Exercise brief: Produce a verbatim copy of the data below that contains no pictures.

Records for the task:
********************
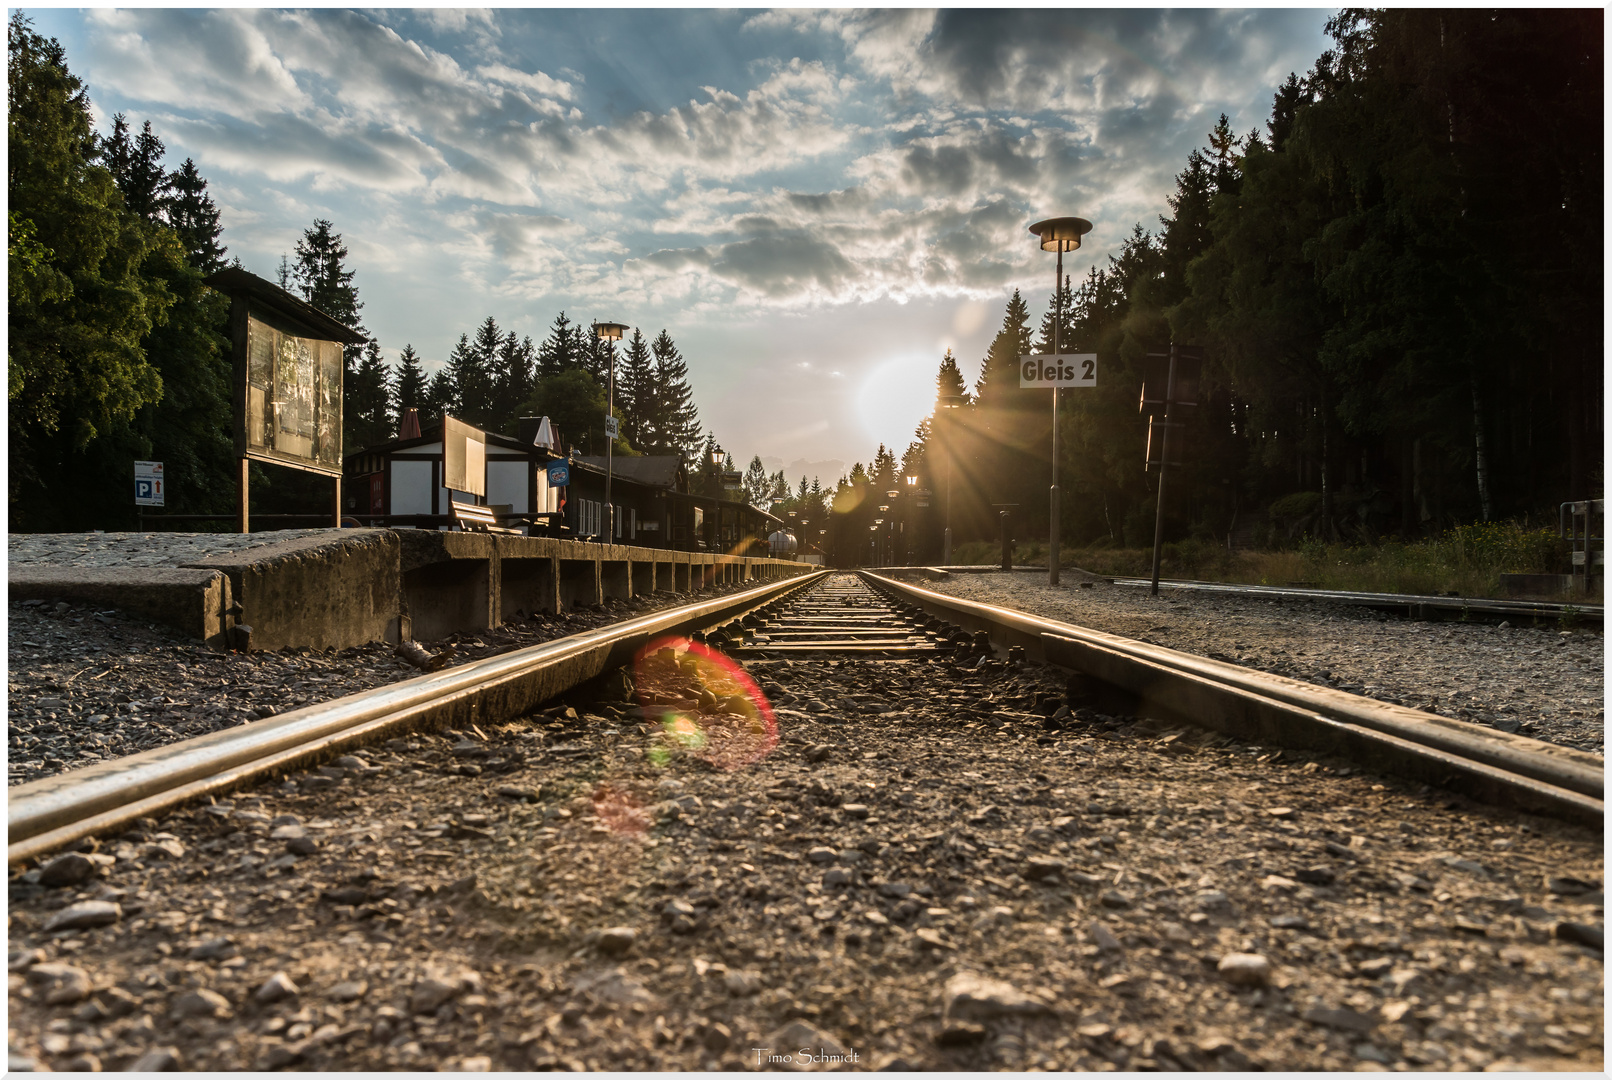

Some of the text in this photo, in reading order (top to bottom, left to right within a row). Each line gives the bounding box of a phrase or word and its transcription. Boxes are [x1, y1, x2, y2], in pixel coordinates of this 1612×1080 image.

[1022, 359, 1095, 381] Gleis 2
[139, 483, 149, 496] P
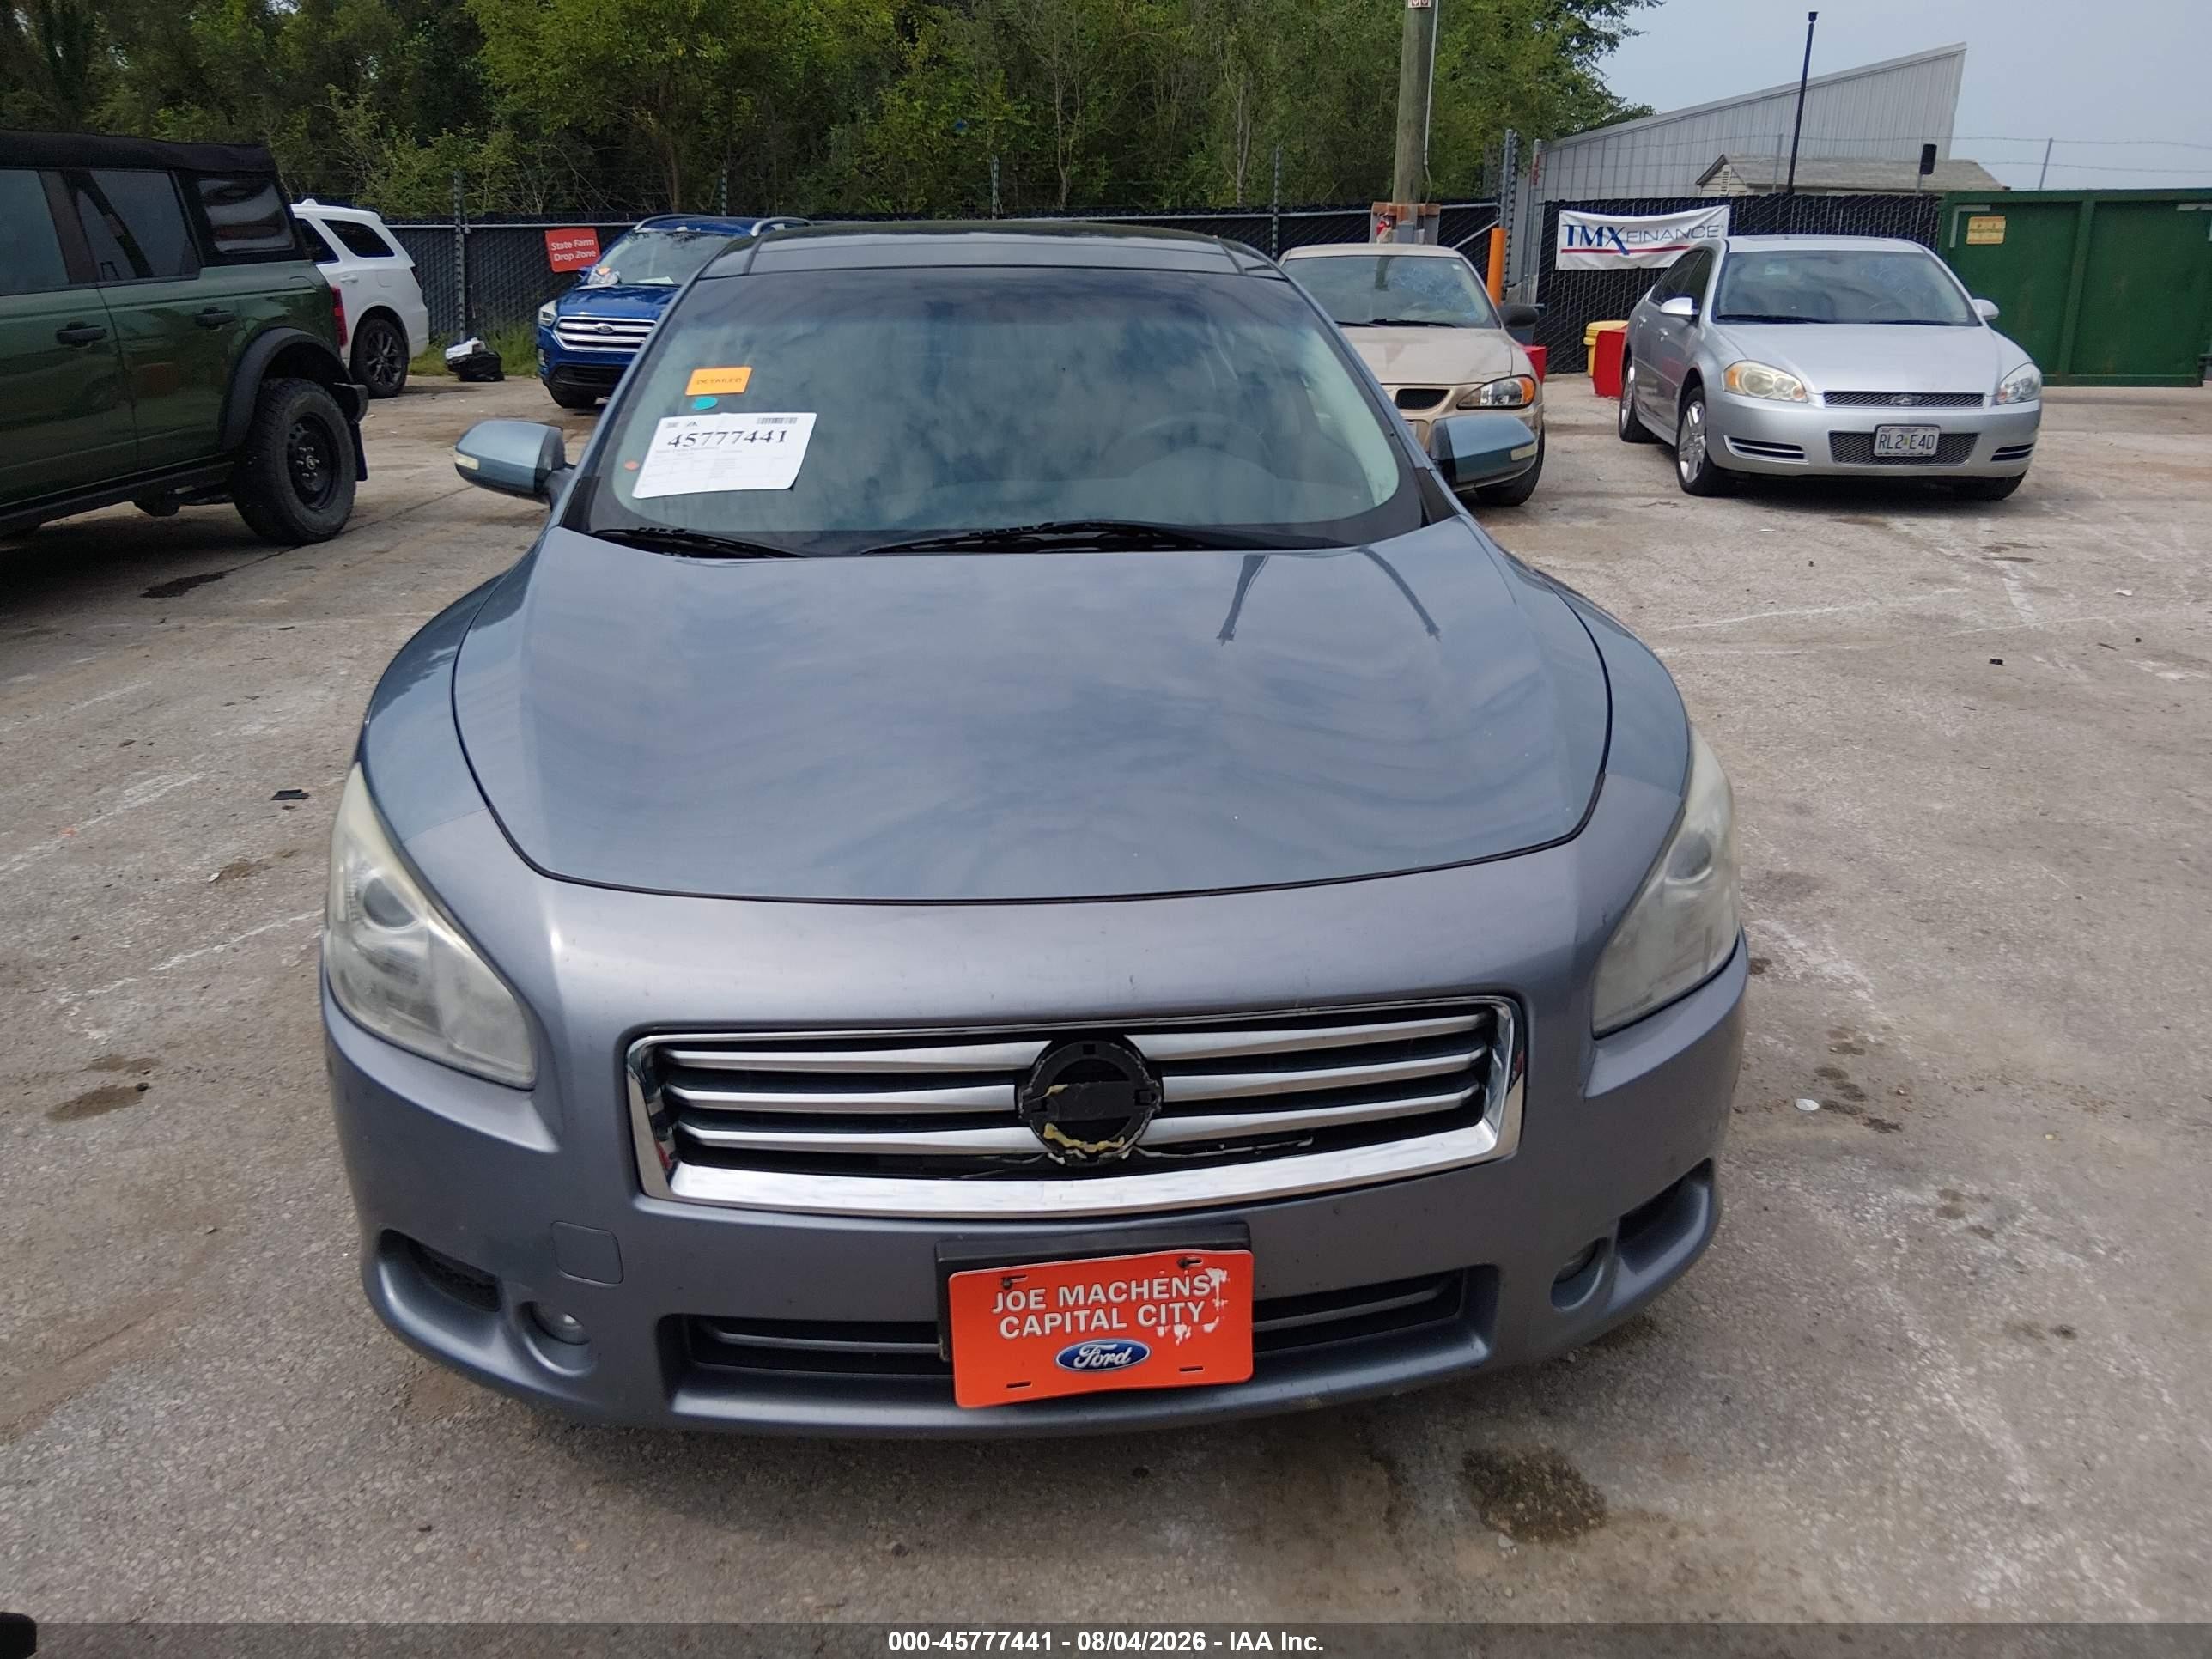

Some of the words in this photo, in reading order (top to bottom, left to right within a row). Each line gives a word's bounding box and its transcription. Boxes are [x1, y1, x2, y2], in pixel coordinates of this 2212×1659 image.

[550, 242, 573, 251] State
[574, 239, 595, 247] Farm
[1562, 224, 1630, 256] TMX
[1626, 225, 1719, 243] FINANCE
[553, 253, 574, 262] Drop
[575, 250, 597, 259] Zone
[667, 429, 787, 447] 45777441
[1878, 434, 1904, 449] RL2
[993, 1288, 1046, 1314] JOE
[1058, 1273, 1212, 1308] MACHENS
[1000, 1307, 1127, 1339] CAPITAL
[1138, 1301, 1206, 1327] CITY
[1073, 1344, 1133, 1369] Ford
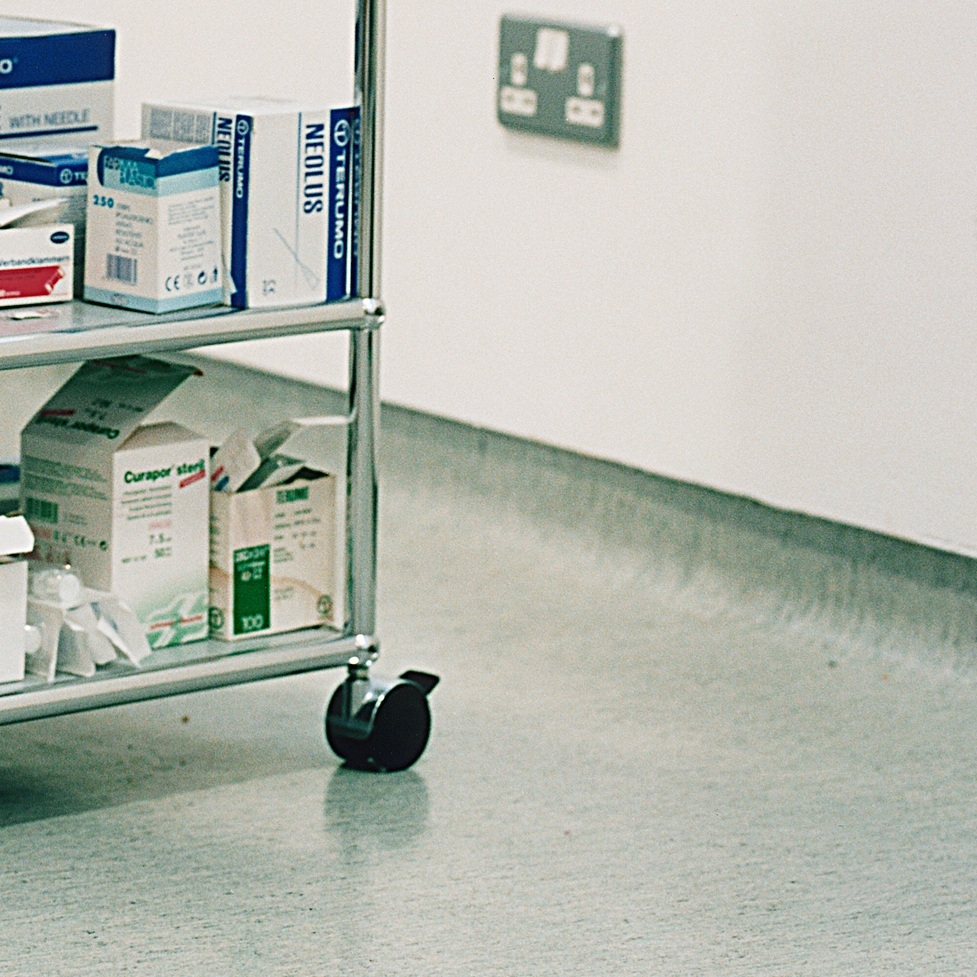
********************
Reply to the task:
Some of the text in this photo, in reading order (top to bottom, left to right within a row). Each line gives the bounding box of a phrase or word and its transcription. Boxes are [x1, y1, x2, y2], in pixel coordinates of this 1612×1080 image.

[1022, 359, 1095, 381] Gleis 2
[139, 483, 149, 496] P

Some of the words in this photo, in reading order (top to bottom, left to right within a row). Each line gives a word's bounding box and its transcription. Boxes are [x1, y1, x2, y2], in pixel coordinates of this 2212×1659 image.

[550, 242, 573, 251] State
[574, 239, 595, 247] Farm
[1562, 224, 1630, 256] TMX
[1626, 225, 1719, 243] FINANCE
[553, 253, 574, 262] Drop
[575, 250, 597, 259] Zone
[667, 429, 787, 447] 45777441
[1878, 434, 1904, 449] RL2
[993, 1288, 1046, 1314] JOE
[1058, 1273, 1212, 1308] MACHENS
[1000, 1307, 1127, 1339] CAPITAL
[1138, 1301, 1206, 1327] CITY
[1073, 1344, 1133, 1369] Ford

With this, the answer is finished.